Tata Lucia, l’attacco del Garante per l’Infanzia: “Rispetti codici deontologici”

di Redazione Blitz
Pubblicato il 25 settembre 2013 17:23 | Ultimo aggiornamento: 25 settembre 2013 17:24
Garante per l'Infanzia contro Tata Lucia: "Rispettare i codici deontologici"

Tata Lucia, Lucia Rizzi (Foto Lapresse)

ROMA – Il Garante per l’Infanzia contro Tata Lucia, all’anagrafe Lucia Rizzi. E’ il primo effetto della lettera di protesta dell’Associazione pediatri, che accusa la bambinaia del programma di La7 e la trasmissione Sos Tata di essere “diseducativa e di sottoporre i più piccoli a situazioni umilianti”.

Adesso il Garante Vincenzo Spadafora è intervenuto bacchettando Tata Lucia e la produzione di La7 e chiedendo loro di rispettare la Convenzione internazionale sui diritti dell’infanzia e i codici deontologici “sottoscritti dal mondo dell’informazione, come la Carta di Treviso e il Codice di autoregolamentazione tv e minori”.

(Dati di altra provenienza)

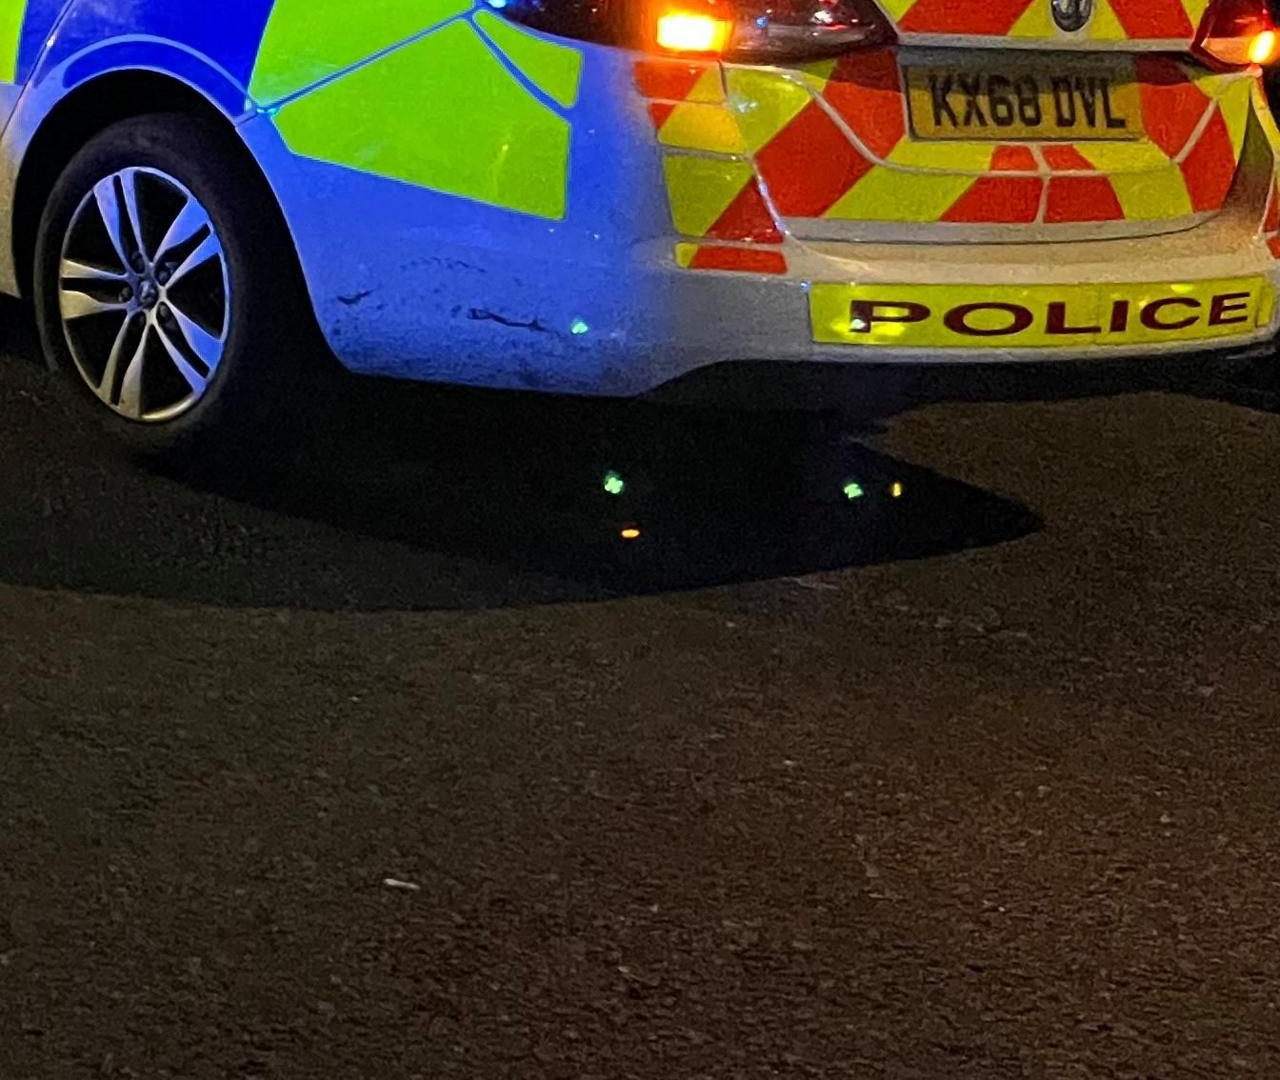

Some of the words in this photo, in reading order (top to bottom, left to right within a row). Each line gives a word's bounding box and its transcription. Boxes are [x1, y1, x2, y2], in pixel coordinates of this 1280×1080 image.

[928, 73, 1041, 128] KX68
[1051, 75, 1127, 129] DVL
[849, 292, 1251, 337] POLICE
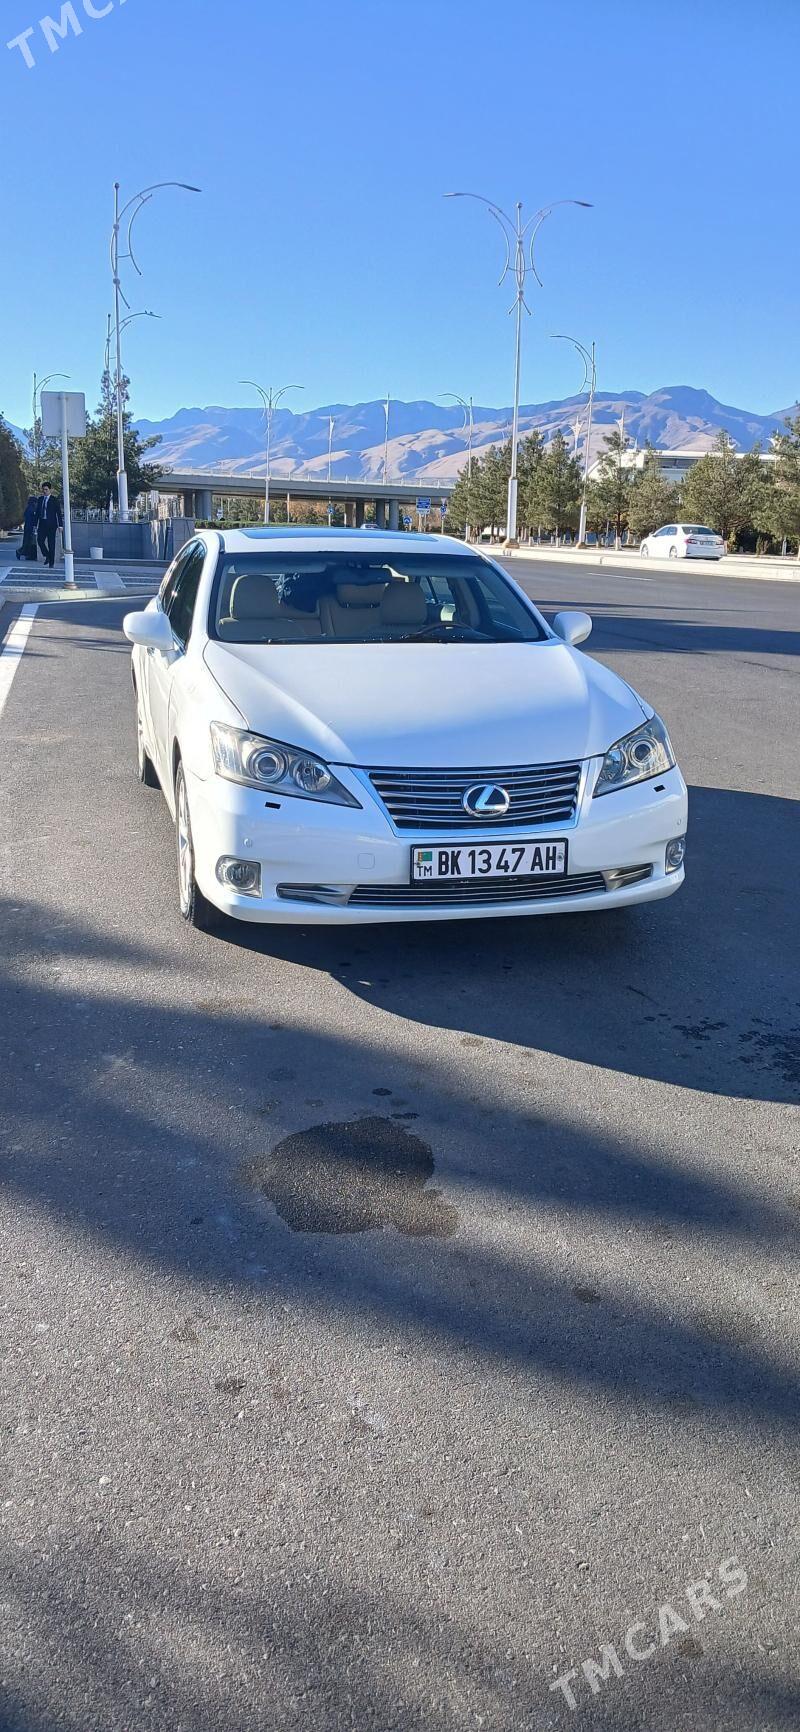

“Telecamere che indugiano a lungo sul pianto disperato di un bambino, contesti familiari messi a nudo dalle ingerenze di trasmissioni televisive che spesso non dimostrano sufficiente attenzione verso i bambini e gli adolescenti. Le scene della trasmissione SOS Tata che mi sono state segnalate da alcune associazioni non sono che l’ennesimo episodio di un modo di fare televisione spesso poco attento al rispetto dei principi sanciti dalla Convenzione internazionale sui diritti dell’infanzia, poi ribaditi da diversi codici deontologici sottoscritti dal mondo dell’informazione, come la Carta di Treviso e il Codice di autoregolamentazione tv e minori”.

Ma quello del Garante è un invito alla televisione in generale:

“Invito pertanto i responsabili di LA7 e della società Magnolia, produttori della trasmissione SOS Tata, ma più in generale tutto il mondo dell’informazione e dell’intrattenimento, al rispetto dei principi che loro stessi hanno sottoscritto, primo fra tutti quello che vincola la partecipazione dei minorenni alle trasmissioni televisive al massimo rispetto della loro persona, evitando che siano coinvolti in forme di comunicazione lesive dello sviluppo armonico della loro personalità. Quando si ha a che fare con i bambini e gli adolescenti, soprattutto in contesti così delicati, non ci si può permettere leggerezza e superficialità. Il coinvolgimento di professionalità specifiche che di volta in volta supervisionino il contenuto delle trasmissioni prima che queste vadano in onda, in questo senso, è fondamentale”.

Poco dopo è arrivata la risposta di Tata Lucia: “Sono rimasta sconcertata: si sono fermati all’apparenza. Quel bambino non era sudato, né terrorizzato… Come possono vedere in una registrazione un bambino in queste condizioni?”.